Import Bitcoin Historical Csv Data to Kdb+
This article is part of a wider tutorial, that outlines the major components that could be used to make a bitcoin trading system based upon kdb+ tick. It's intended as an exercise for those that have completed the TimeStored online kdb+ training course, if you have completed one of our courses contact us to download the source code.
Loading Data into kdb+
Bitcoin Historical Data
Historical data within kdb+ is stored in a process called the HDB. However before we can load up that process we must first import our data from our raw data files then agree on and implement a database structure optimised for our system and the queries we would like to consider.
Parsing and Importing Files
Recommended Tutorials: Casting and Parsing, Importing Data into kdb+
Bitcoin historical data is available as CSV files here. We want to create a function that will:
- Dynamically pull the list of files (hint: use wget)
- Create an empty table on disk (splayed table tutorial)
- Download each zip file, expand, parse the csv's and insert their data to the master table (hint: use gunzip / 7z)

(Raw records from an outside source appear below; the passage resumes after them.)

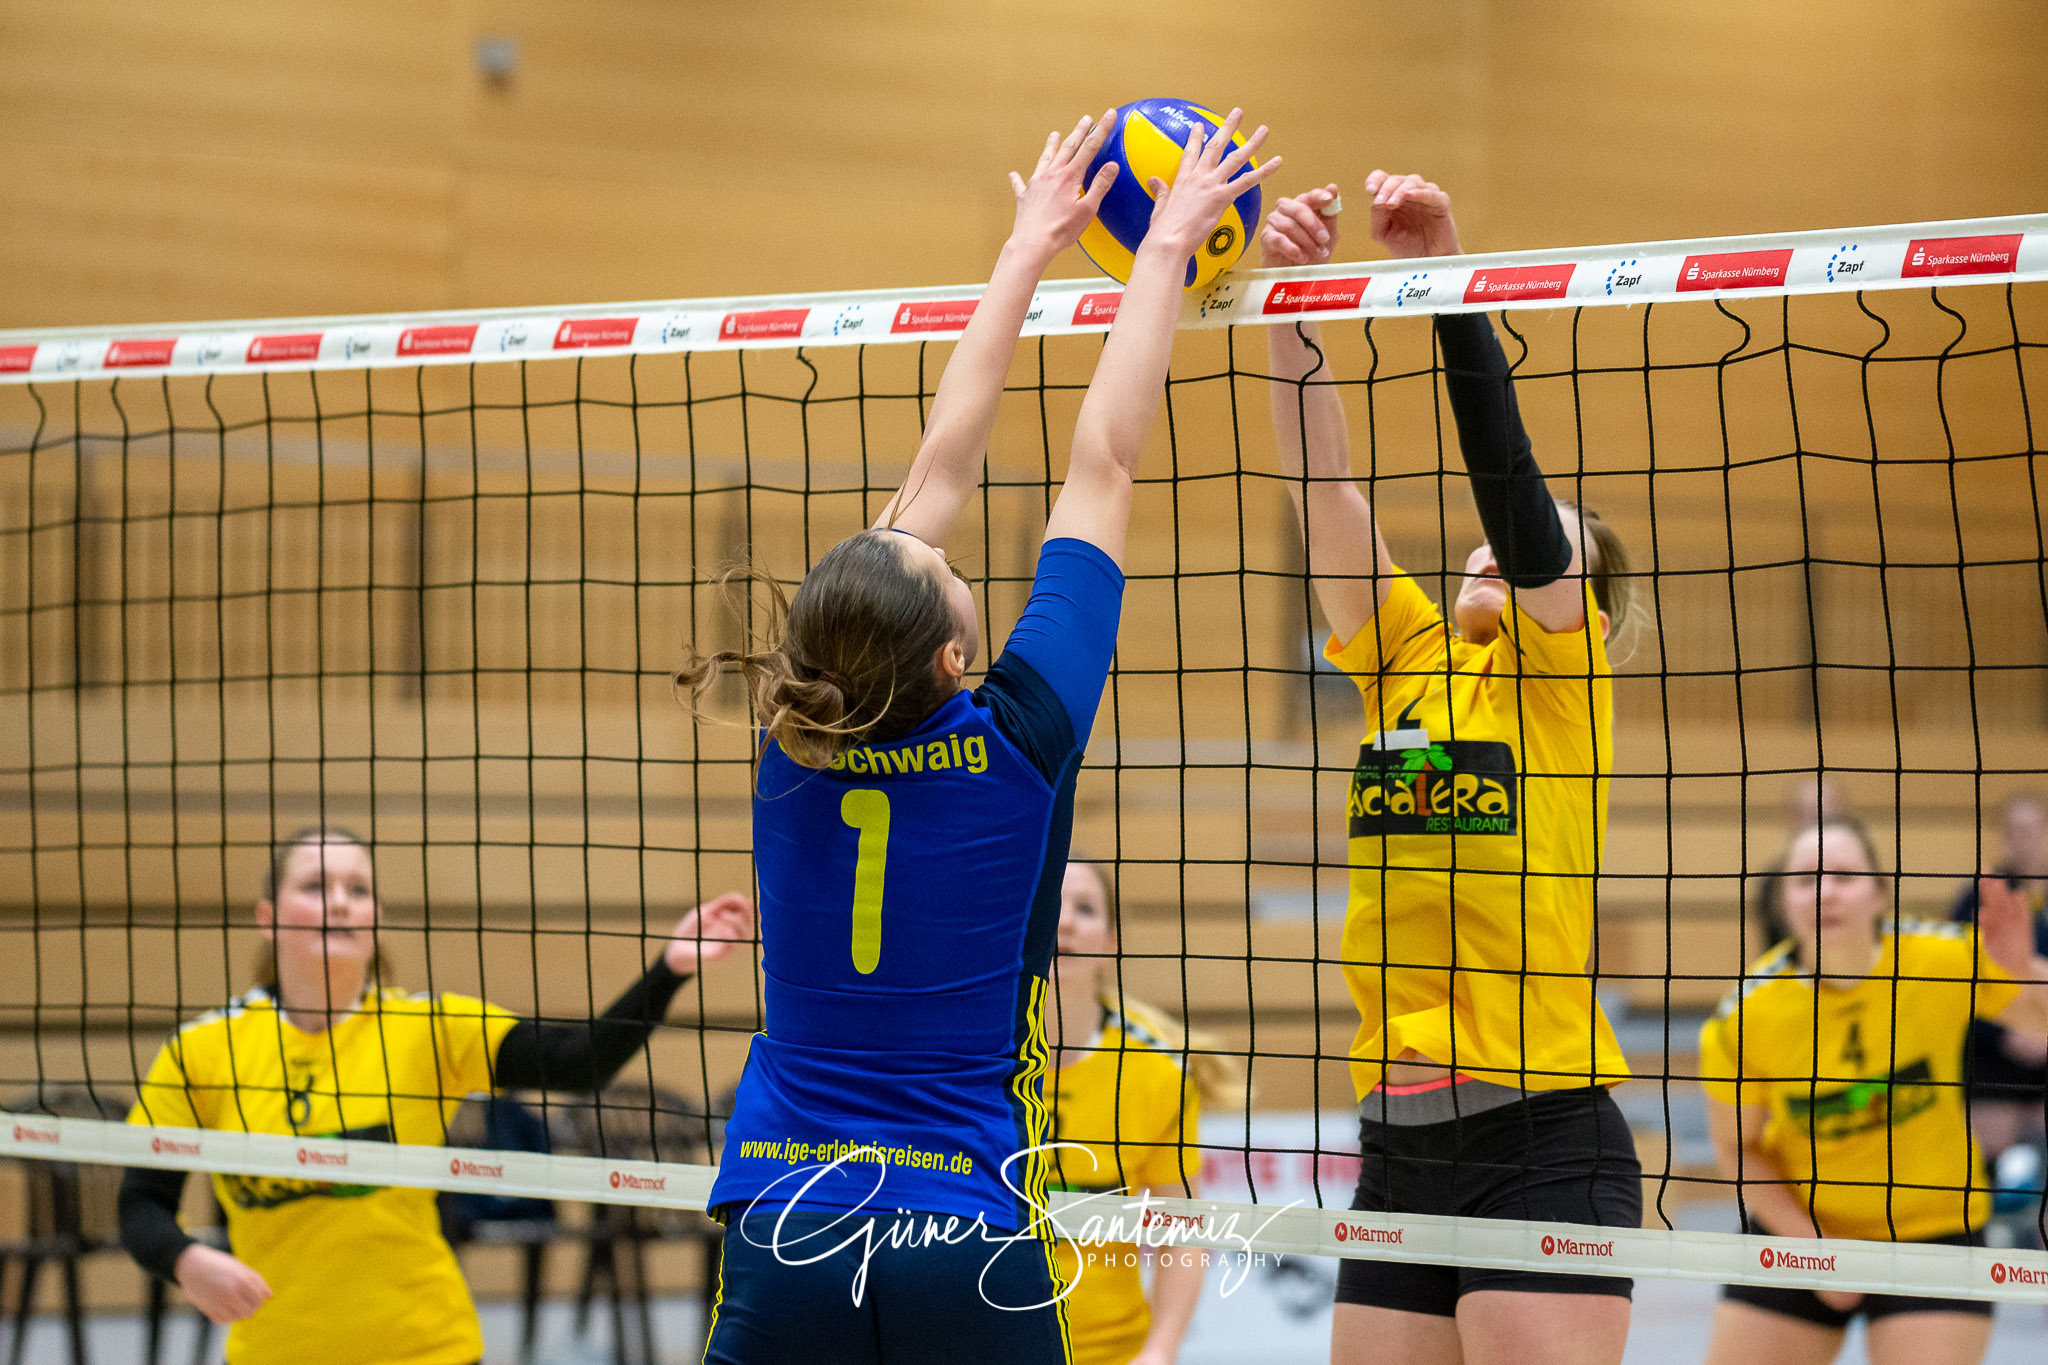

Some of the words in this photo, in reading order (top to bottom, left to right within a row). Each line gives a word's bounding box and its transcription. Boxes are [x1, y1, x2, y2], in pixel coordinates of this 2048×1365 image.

[1837, 260, 1865, 274] Zapf
[1926, 254, 1969, 267] Sparkasse
[1969, 252, 2010, 265] Nürnberg
[1616, 274, 1643, 288] Zapf
[1700, 269, 1741, 281] Sparkasse
[1741, 266, 1780, 278] Nürnberg
[1406, 286, 1431, 300] Zapf
[1486, 281, 1526, 294] Sparkasse
[1526, 279, 1562, 291] Nürnberg
[1209, 298, 1234, 311] Zapf
[1284, 294, 1321, 306] Sparkasse
[1321, 291, 1356, 303] Nürnberg
[910, 314, 944, 326] Sparkasse
[1025, 308, 1044, 322] apf
[842, 318, 864, 330] Zapf
[670, 326, 691, 338] Zapf
[1425, 817, 1511, 832] RESAURANT
[841, 788, 891, 975] 1
[740, 1138, 973, 1175] www.ige-erlebnisreisen.de
[461, 1160, 504, 1179] Marmot
[622, 1173, 666, 1191] Marmot
[1349, 1224, 1403, 1244] Marmot
[1556, 1238, 1613, 1257] Marmot
[1776, 1250, 1836, 1272] Marmot

- Finally we'll add exchange columns, a kdb time format column and a currency column
Starting from a CSV file such as mtgoxUSD.csv that has three columns (timestamp, price, size):
Once you have
- Read the data from file and parsed it using 0:
- Pulled the currency and exchange from the filename.

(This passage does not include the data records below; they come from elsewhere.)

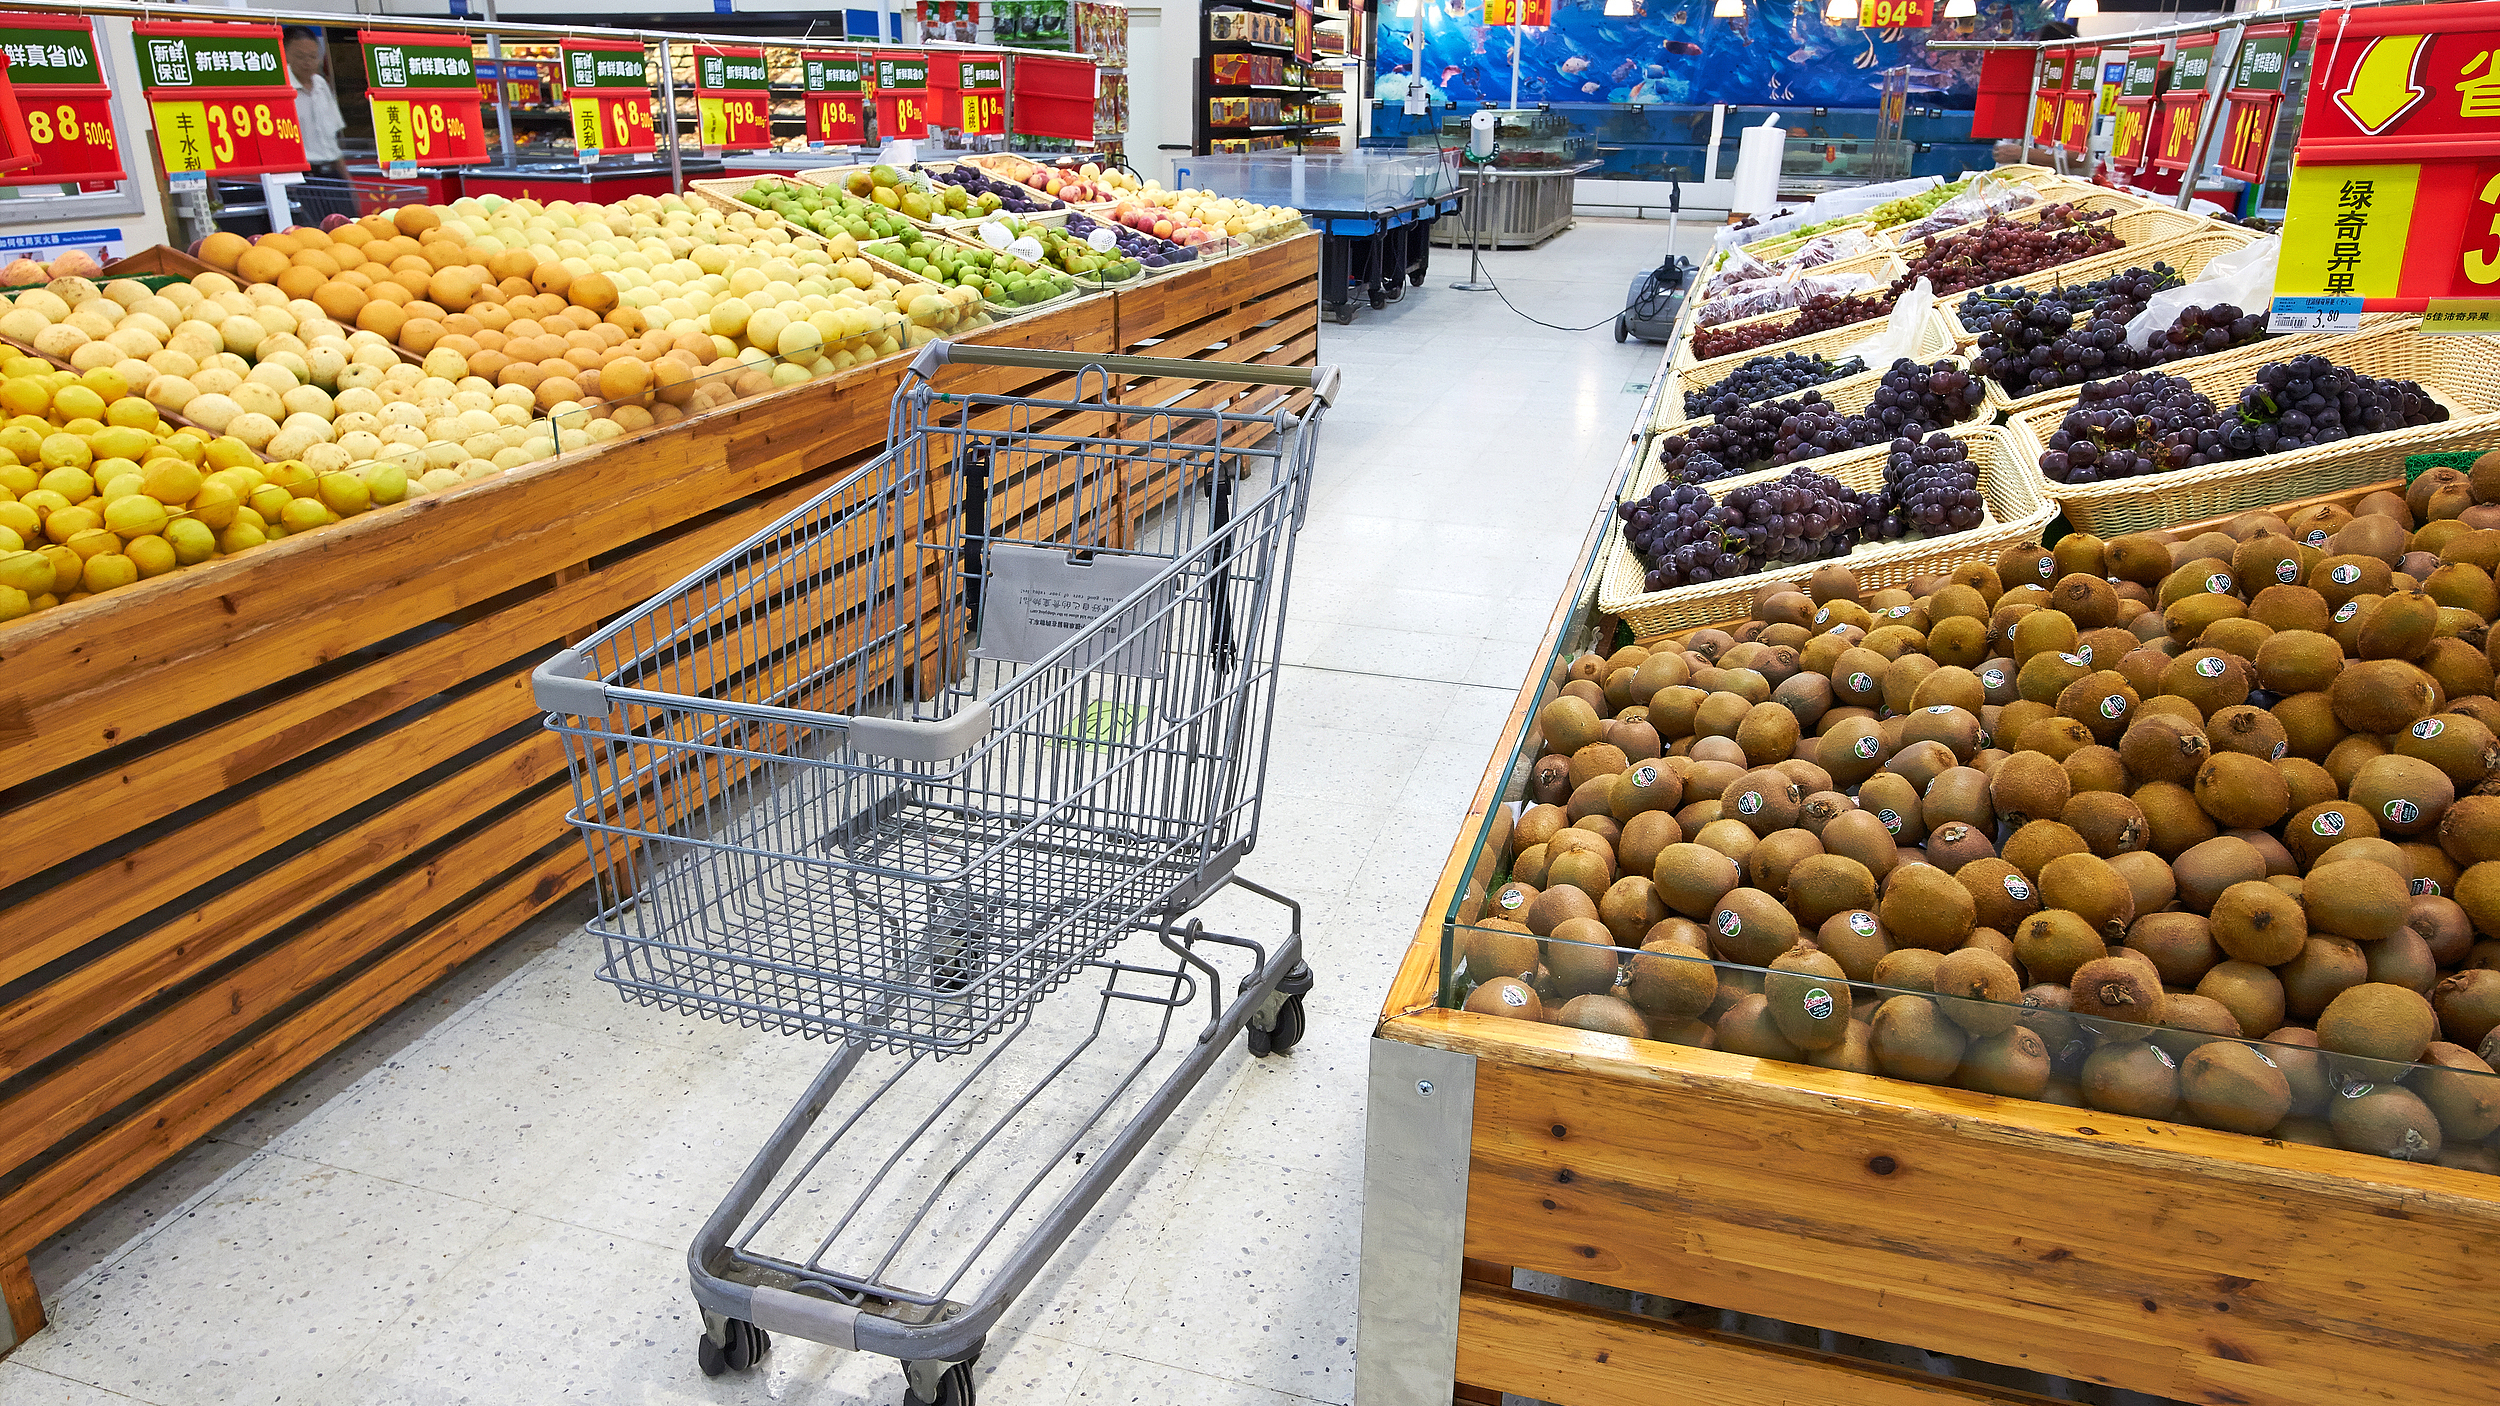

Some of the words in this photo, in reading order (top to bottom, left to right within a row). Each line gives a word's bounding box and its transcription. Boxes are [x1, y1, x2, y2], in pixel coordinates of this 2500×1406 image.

[1, 44, 88, 67] 鲜真省心
[154, 45, 184, 62] 新鲜
[195, 51, 277, 71] 新鲜真省心
[158, 63, 188, 80] 保证
[409, 57, 470, 75] 新鲜真省心
[84, 122, 113, 150] 500g
[276, 119, 300, 144] 500g
[2323, 180, 2374, 296] 绿奇异果

- Converted the unix timestamp to kdb format
Structuring Our Database
Our bitcoin data is tiny (1.5GB in kdb+ format) on a good system we could easily store it fully in RAM. However for the purposes of learning and to allow efficient access from a slow laptop with a single drive and limited RAM, we want to consider partitioning our data. Partioning is logically dividing a database into distinct independent parts to increase manageability and performance. We cover partitioning in our Partitioned Database Tables tutorial, you should remember the diagram:
Partitioning by date as is common with typical stock data is too fine grained for our data, it would result in thousands of files less than 1kb in size.
I suggest partitioning on currency, then sorting the data by time. This will allow fast access for queries such as:
What was the USD Bitcoin rate between 17th and 23rd of June
Pseudocode
The functions you will want to create are:
Function | Description |
---|---|
getCsvFileList | return table of csv zip file names at bitcoincharts (http://api.bitcoincharts.com/v1/csv/)
Columns are: file, d-date, t-time, size, link |
downToFolder:[urls; folder] | Delete folder and then fill with files from urls. |
unzipAndGet[zdir; csvZipFile] | Unzips file to csv directory, parses csv files and returns table
return table with columns ts,price,size,cur,ex,tp where each row is a trade |
These then give a main loop of events:
- Get the csv zip file list.
- Download the files.
- Create empty on disk table.
- Unzip and load each file to disk.
- Sort and apply attributes.